A number of treatments can help reduce the size of a liver tumor and improve symptoms in primary liver cancer (hepatocellular carcinoma) and secondary (metastatic) liver cancer. Standard approaches like chemotherapy, external beam radiation, and surgery can be combined with minimally-invasive, highly targeted therapies such as radioembolization. While radioembolization is not a curative treatment, it can help extend life expectancy. Radioembolization is often considered when standard therapies failed to shrink a tumor. It is also an option for patients who may not be surgical candidates because of the size of their tumor or additional medical conditions.

What to Expect During Radioembolization

The patient is given sedative medication through an intravenous (IV) line. After numbing the skin near the femoral artery (a large vessel in the groin), the physician makes a small incision to thread the catheter (thin plastic tube) through to reach the tumor site. This process is aided by imaging guidance (usually CT or ultrasound) to ensure a safe procedure. Once the catheter arrives at the branches of the hepatic (liver) artery that feeds the tumor, the embolization can begin. Tiny beads containing the radiation material (Yttrium-90) are injected through the catheter. The agents become lodged into the blood vessels feeding the tumor. This limits the involvement of any healthy tissue.
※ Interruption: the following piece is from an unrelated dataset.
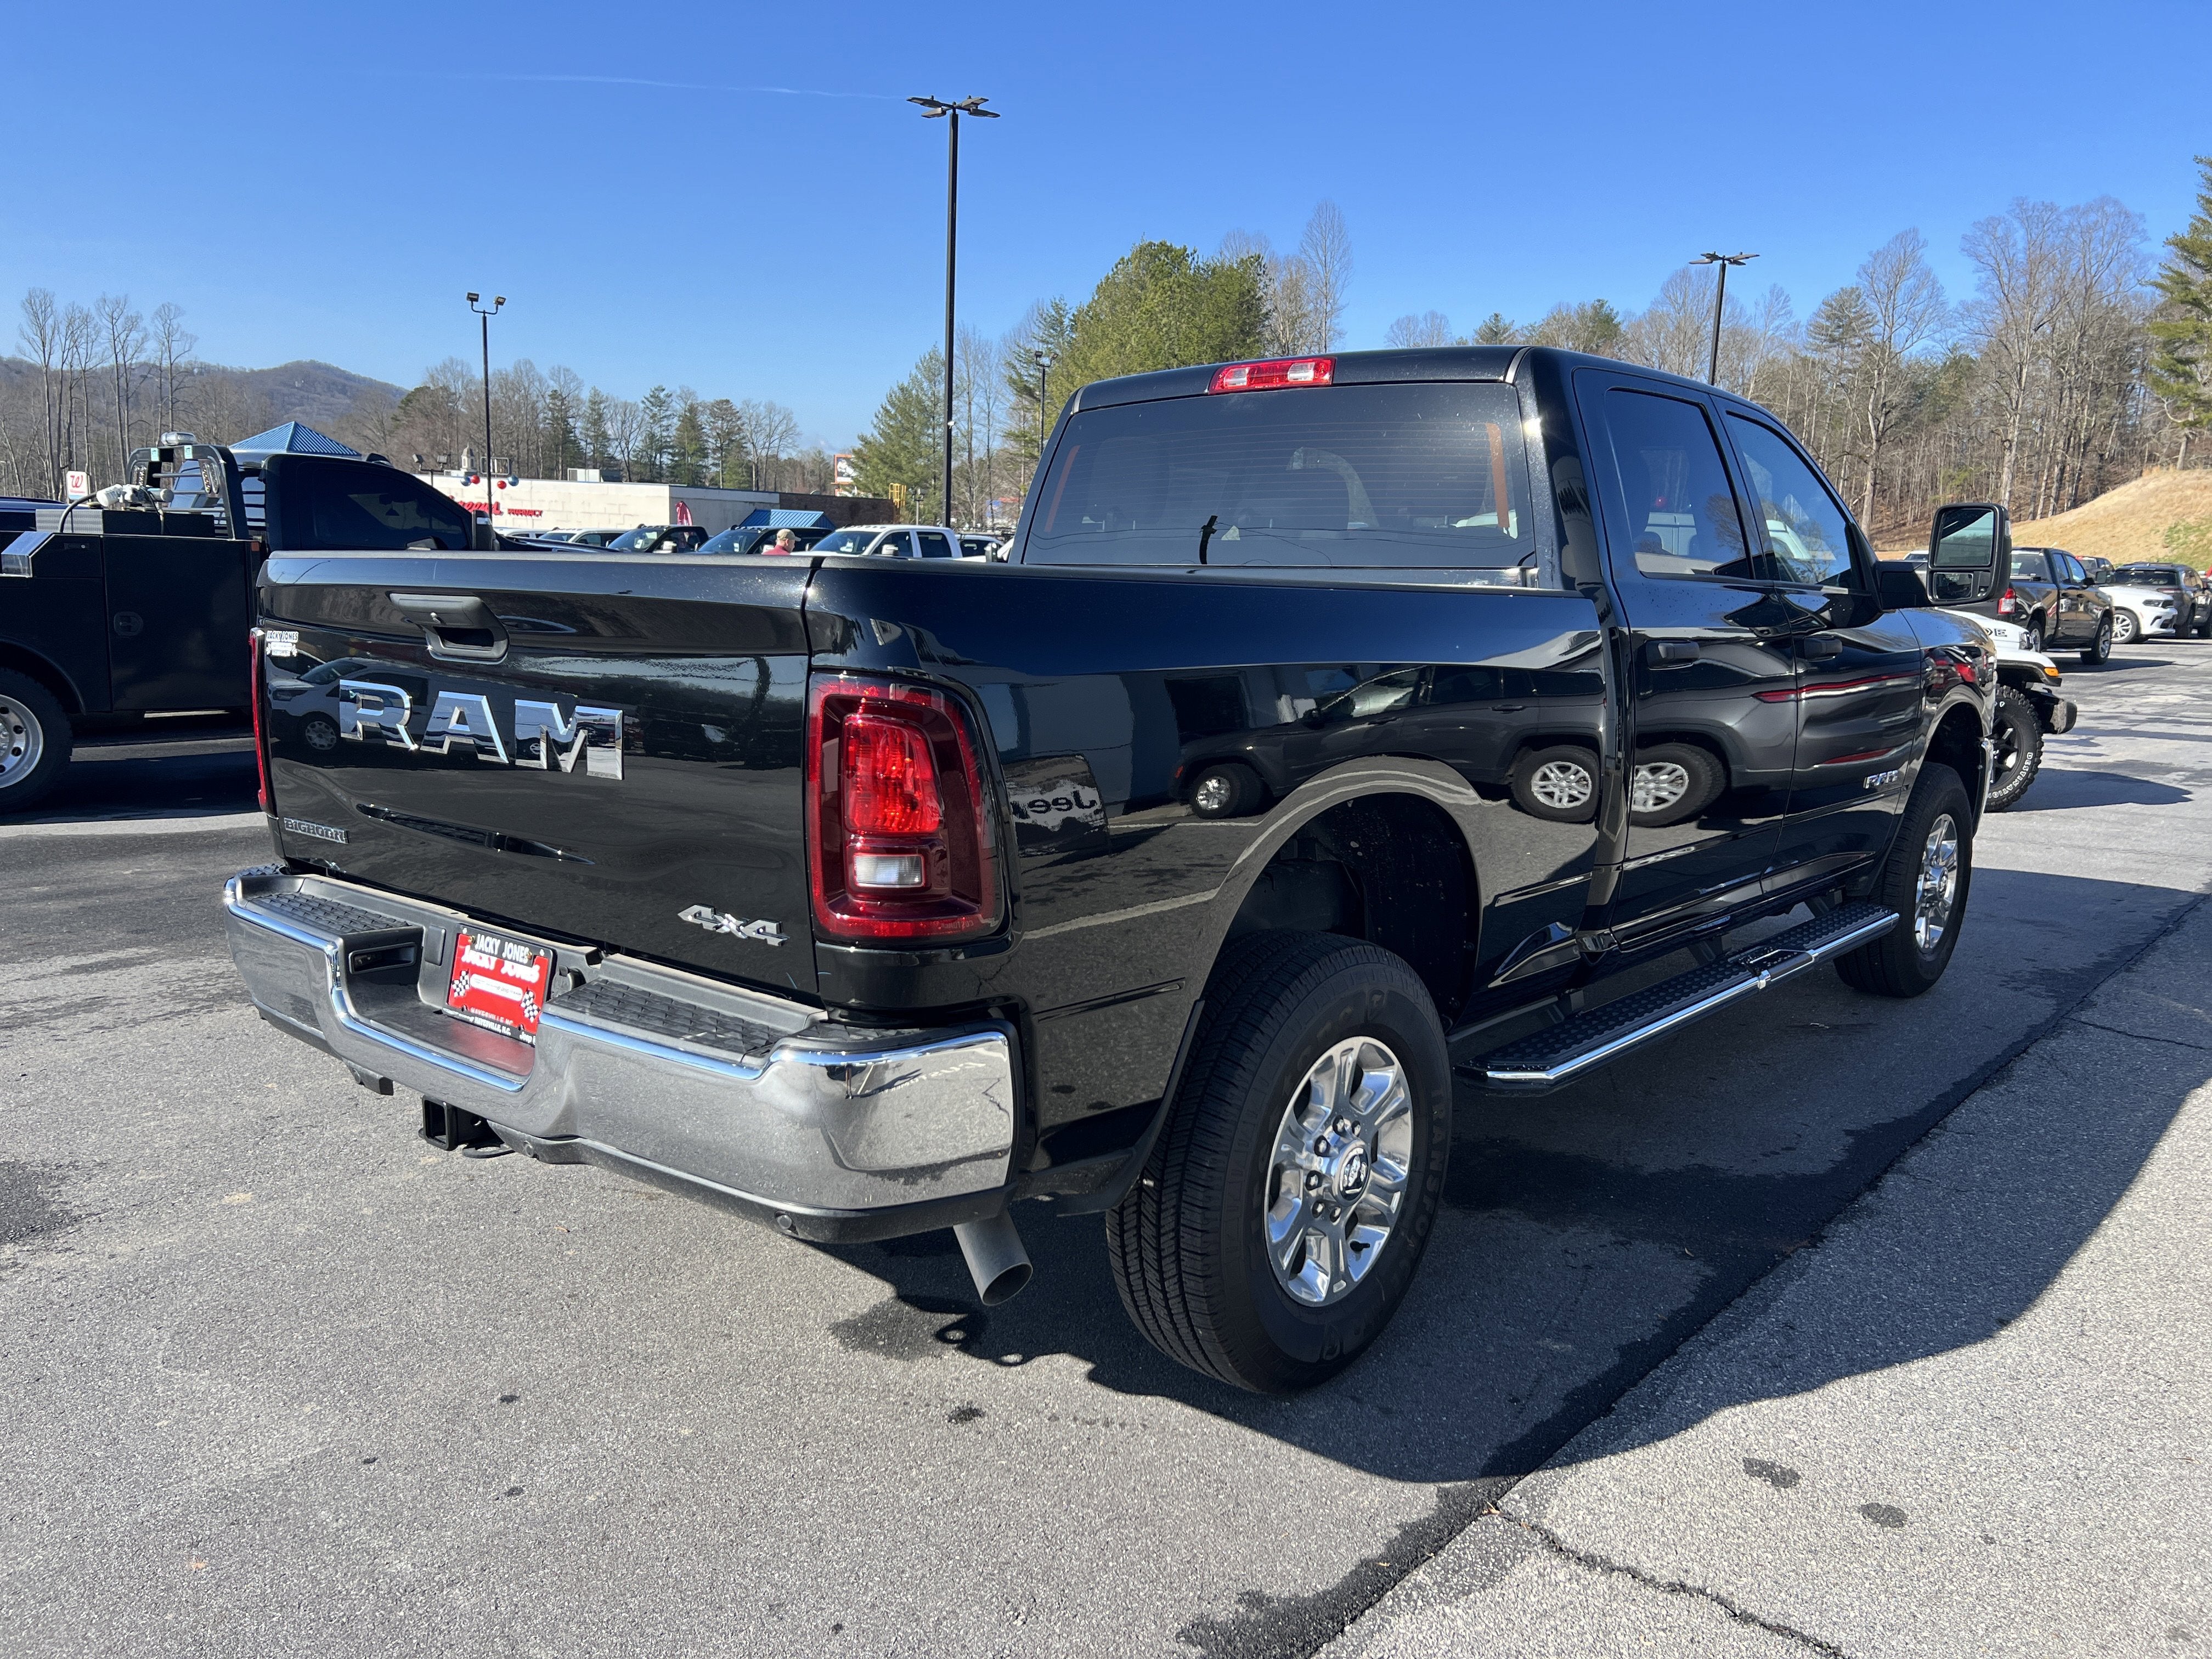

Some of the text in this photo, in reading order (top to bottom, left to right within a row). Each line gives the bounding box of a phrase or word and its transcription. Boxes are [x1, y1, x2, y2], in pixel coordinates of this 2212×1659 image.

For the next ten days or so, the beads deliver high dose radiation directly to the diseased cells.

After the injection is complete, the catheter is removed and the small incision site is bandaged. Radioembolization is an outpatient procedure that is usually finished within an hour. Many patients go home later the same day.
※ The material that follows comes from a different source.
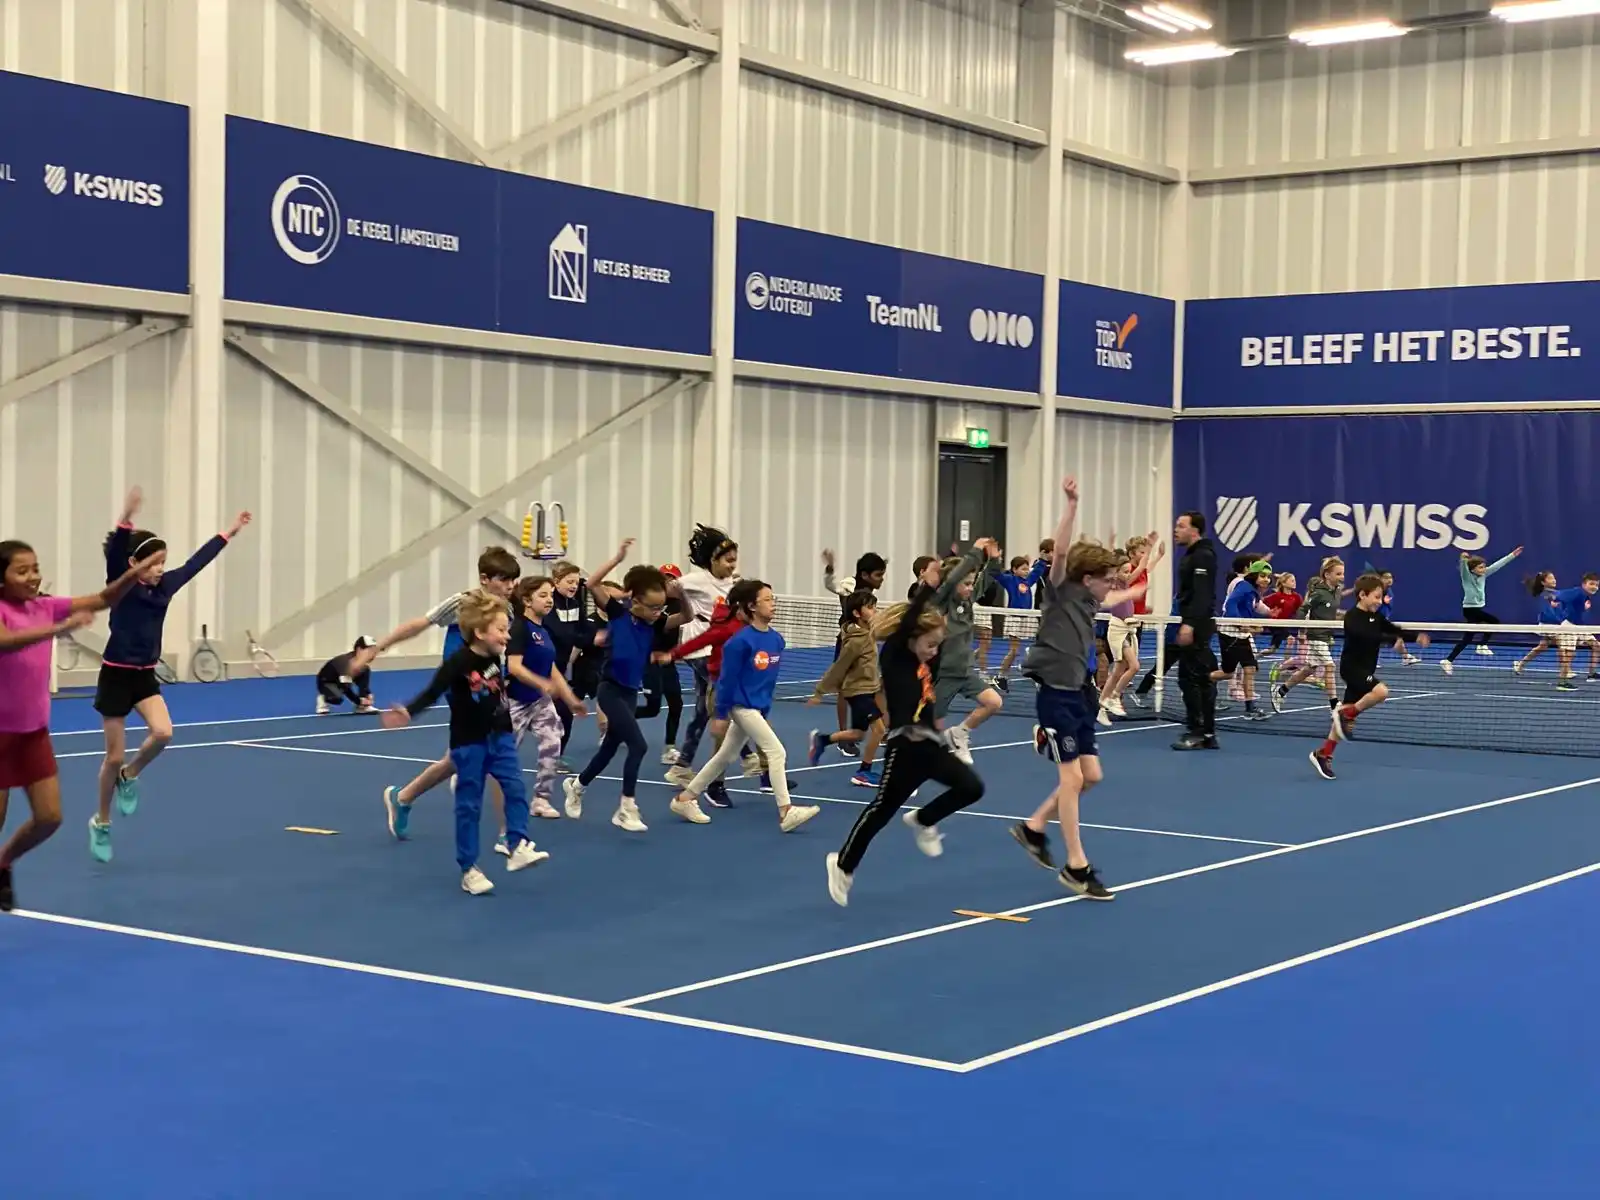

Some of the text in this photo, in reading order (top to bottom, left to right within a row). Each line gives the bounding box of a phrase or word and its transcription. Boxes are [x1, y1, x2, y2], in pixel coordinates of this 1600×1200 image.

Risks and Benefits of Radioembolization

Radioembolization has shown success with delaying further cancer progression as well as shrinking liver tumors. The direct injection of radiation therapy to the tumor allows for higher dosing to be used than if the radiation bean were external to the body. Many people experience mild side effects such as fatigue, nausea, fever, and loss of appetite following an radioembolization. The rate of serious side effects is low but since it is a medical procedure, complications are possible. These include:

  • Abdominal ulcers
  • Liver failure
  • Unintended radiation damage to healthy tissue

The care team will speak with the patient about the risks of the procedure and the steps that are taken to reduce their occurrences.
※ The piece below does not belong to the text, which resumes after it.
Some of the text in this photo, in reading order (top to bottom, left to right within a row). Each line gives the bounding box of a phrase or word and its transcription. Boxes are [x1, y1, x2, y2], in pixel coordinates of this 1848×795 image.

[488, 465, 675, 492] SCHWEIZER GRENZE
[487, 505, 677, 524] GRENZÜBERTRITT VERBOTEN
Learn more about the benefits and risks of interventional radiology.

How to Prepare for Radioembolization

Ahead of the procedure, the care team will review medications and make recommendations around any that must be paused ahead of the embolization. Tests are ordered to identify any potential issues that may arise during or after the procedure. These include routine bloodwork to check overall organ functioning and blood clotting ability, as well as an imaging study called an angiogram (an x-ray of blood vessels). The angiogram helps the physician understand the location of all nearby arteries. After reviewing the angiogram, the physician may preventively seal off select vessels to ensure no radiation reaches the stomach. Next, the doctor simulates treatment with a nuclear medicine tracer. This helps the team understand the path the radiation will take once injected. This also helps the team plan the appropriate treatment dosing in order to spare any impact on healthy organs (such as the lungs).  

Post Radioembolization

At the end of the procedure, patients recover under monitoring for several hours. After this period, patients can usually return home. It’s common to experience fatigue for the weeks following the procedure, but overall, most patients resume their normal activities within days. Any lingering abdominal pain or nausea can be treated with over-the-counter medication. Some patients require more than one treatment due to the size of the tumor. If that is the case, a subsequent procedure will be scheduled for about a month after the initial radioembolization.